**PROBLEM STATEMENT**
What is needed is an exact copy of the entries below, with every picture left out.

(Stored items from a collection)

*** Block opens ***

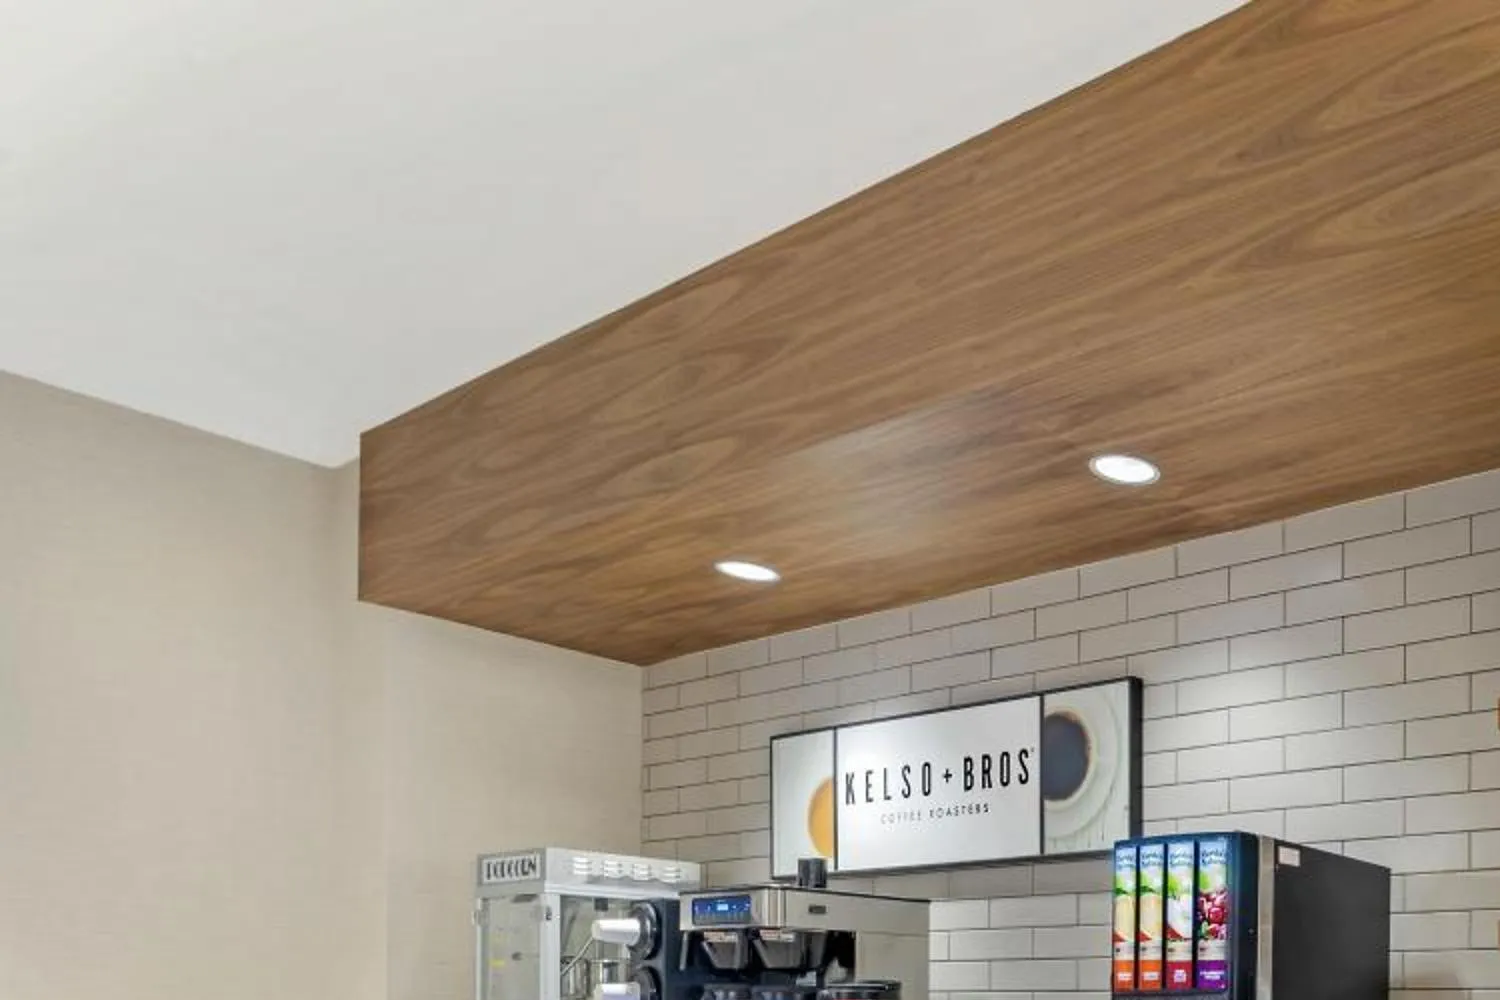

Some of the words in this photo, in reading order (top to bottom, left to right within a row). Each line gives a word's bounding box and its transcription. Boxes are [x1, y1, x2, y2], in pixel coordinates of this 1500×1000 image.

[845, 762, 932, 805] KELSO
[963, 748, 1030, 792] BROS
[881, 811, 922, 825] COFFEE
[929, 803, 989, 820] ROASTERS

*** Block closes ***

**EXPECTED ANSWER**
Some of the words in this photo, in reading order (top to bottom, left to right within a row). Each line gives a word's bounding box and its transcription. Boxes are [x1, y1, x2, y2], in pixel coordinates of this 1500×1000 image.

[845, 762, 932, 805] KELSO
[963, 748, 1030, 792] BROS
[881, 811, 922, 825] COFFEE
[929, 803, 989, 820] ROASTERS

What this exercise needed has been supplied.